後年、仲の町通りの行き詰まりに掘りぬき井戸が作られ、そこから良水が出て廓全体に水樋で給水されるようになったけれど、裏通りの小見世にはその給水も豊かではない。その点、山本武の実家である寿司屋には太い樋で新しい水がふんだんに配水されている。その特権は、父親が昔むかし、この街の顔役だったから。深井戸を掘った時の発起人の一人。

「ん?」

「それもあって、外に部屋欲しかった。掘って部屋つくってくれたら言うこときくからよ、奴婢はカンベンしろぉ」

「いいぜ。深井戸掘ってやる」

 江戸は関東ローム層と、その下の青へなという粘土層に阻まれて水質が悪い。井戸を掘っても二十メートルほどの中井戸では掃除や洗濯といった用途に使う雑水しか手に入らない。上総掘りと呼ばれる、櫓を組んで地中に管を打ち込む方式で六十メートルも彫りぬいて青へなの下にある岩盤を貫けば、さすがに文句のない水質の自噴井戸が手に入るけれど。

「お前がここに、居たがる気持ちも、分からないじゃない」

 昔の仲間が何人も、この小見世に居る。罪人がまとめて処罰として放り込まれた場所でも、他のどこよりも安全といえなくもない。虐待を繰り返された子供が自室のベッドに引き篭りたがるように、この場所から離れたがらないのも、理解できないことではない。でも。

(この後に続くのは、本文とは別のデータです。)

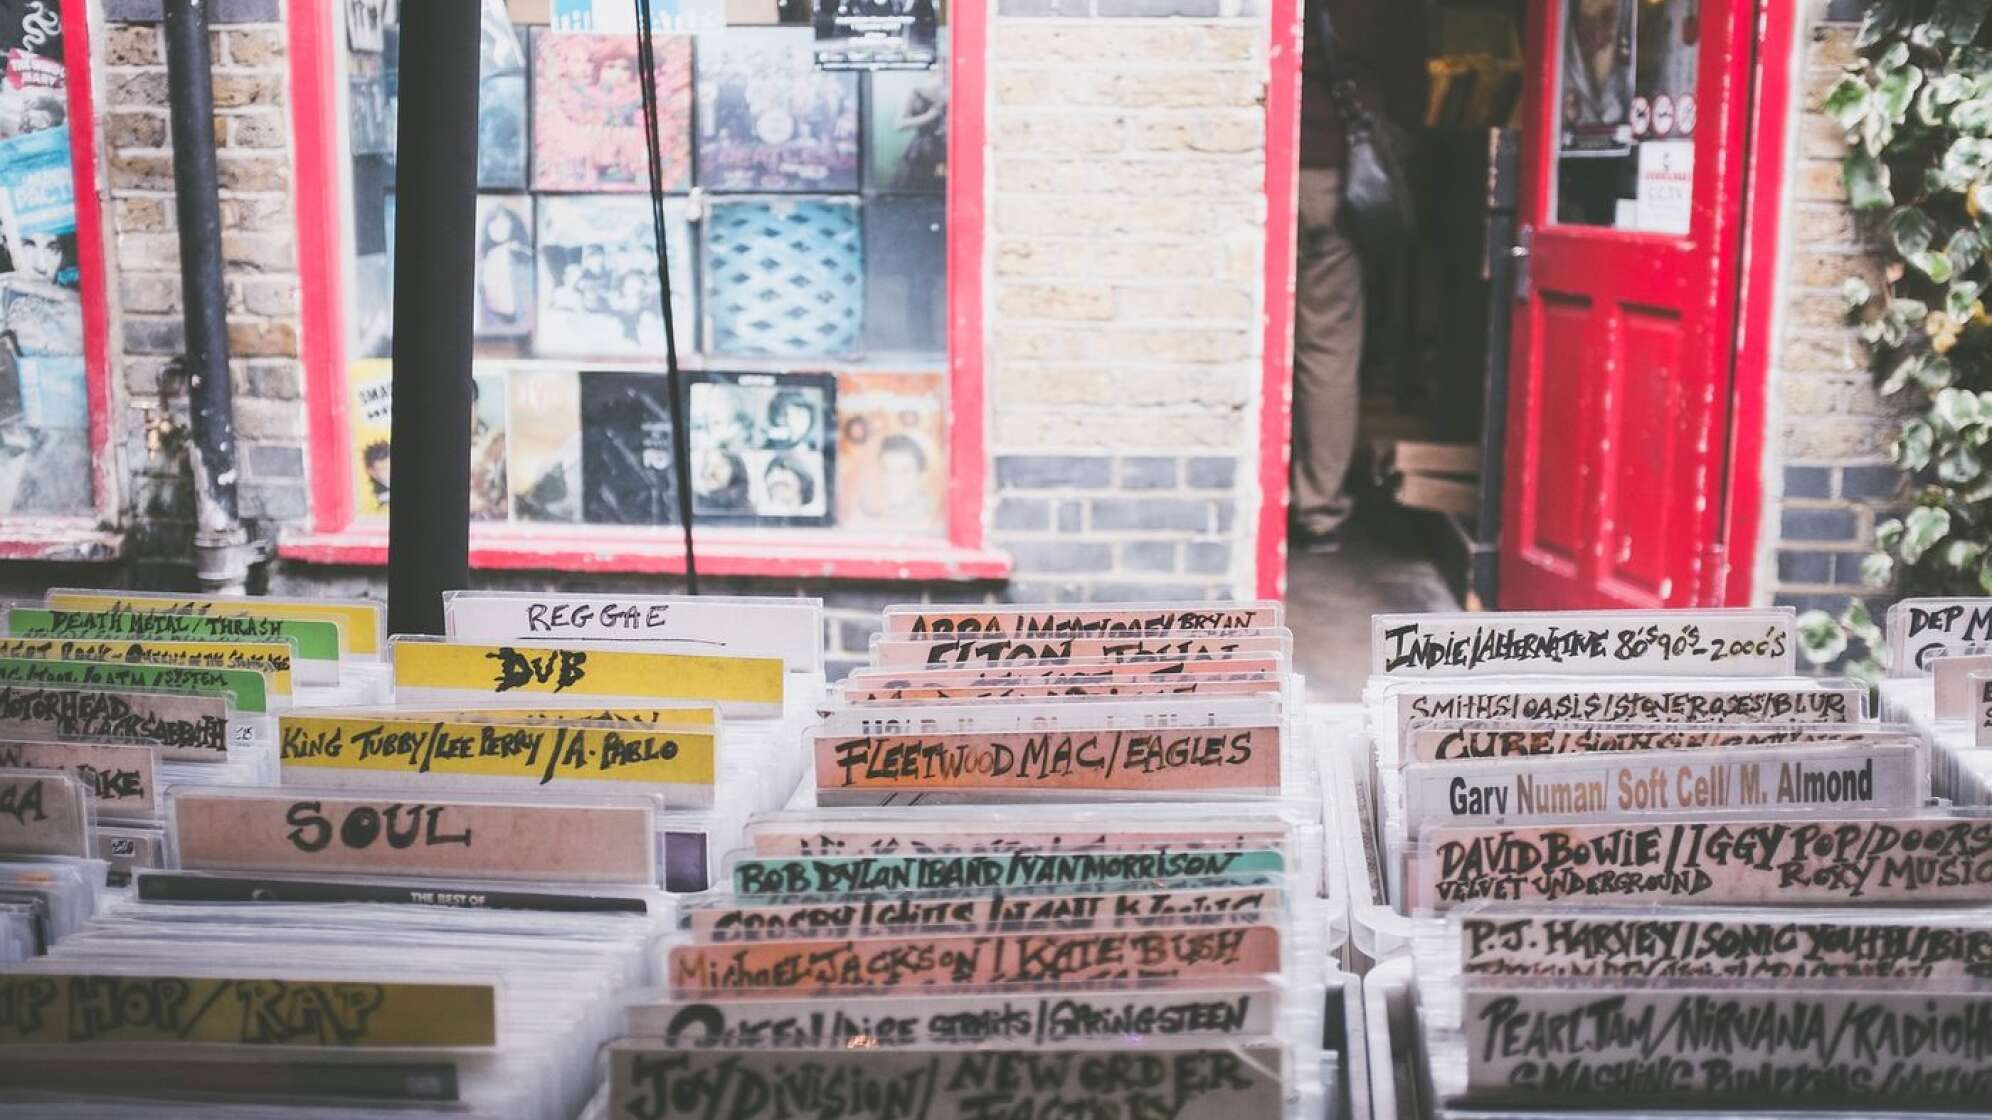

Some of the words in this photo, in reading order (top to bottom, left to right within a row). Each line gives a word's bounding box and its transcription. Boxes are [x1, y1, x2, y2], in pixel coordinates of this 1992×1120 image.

「いつまでも、昔の仲間と傷を舐めあってるのは、お前らしくないぜ?」

 男の言葉にはとげがあった。昔の仲間というのはつまり、昔の男に一緒に惚れていた仲間。死に子の歳を数えるように居なくなったボスのことをまだ想いながら、肩を寄せ合っているような様子が男には気に入らない。

「お前の言うことがぁ、全部正しいんだろーなぁ」

 男の腕の中でオンナが呟く。そうだと、男はオンナを撫でながら答えた。

「お前が一番聞きたくないことをズケズケ言って、おかげで最近、嫌われてたけどな。でも、オレが一番、この世でお前に優しいんだぜ?」

「一番、ひでぇよ。死にたくなってくる」

「子供を産め」

 祈るように男の掌がオンナの下腹に当てられる。

「産めよ。孕んだら寮(見世の別邸)に移って、そこで産め。子供は引き取るから。取り合えず産んどけ。後はまあ、あとのことでいい」

 今は正妻にすることが出来ない。けれどそう遠くない将来、状況は変わるだろう。

 居なくなった男が起こした反逆事件は、闇に葬られた。行方不明の男のことは既にボンゴレ本部でさえ話題にのぼることがない。十代目には別の人間がついて、そこままそう、息子を破滅させたという個人的な恨みを抱く九代目さえ目を閉じてしまえば。

「避妊をするな。俺以外の客をとるな。山本武と手を切れ。約束してくれたら、俺は悪い男にならずに済む」

「……なっちまえよ」

「スクアーロ。冗談を言ってるんじゃないんだ」

「俺だってそーだぜぇ?」

 オンナが笑う。今夜のうちでは一番、正直な声で。

「なっちまえよ。そしたら、俺も楽になれっからよぉ」

「……スクアーロ」

「んなことな、なった後なら、しょーがねーって、思ってくれっだろーからよぉ」

「自殺をしてもってことか?」

 男の声も、今夜のうちで一番優しかった。

「アイツに庇われて生きてんじゃなきゃよぉ、とっくに……」

 雨が降り出したらしい。雨音に紛れてそれきり、二人は黙り込んでしまう。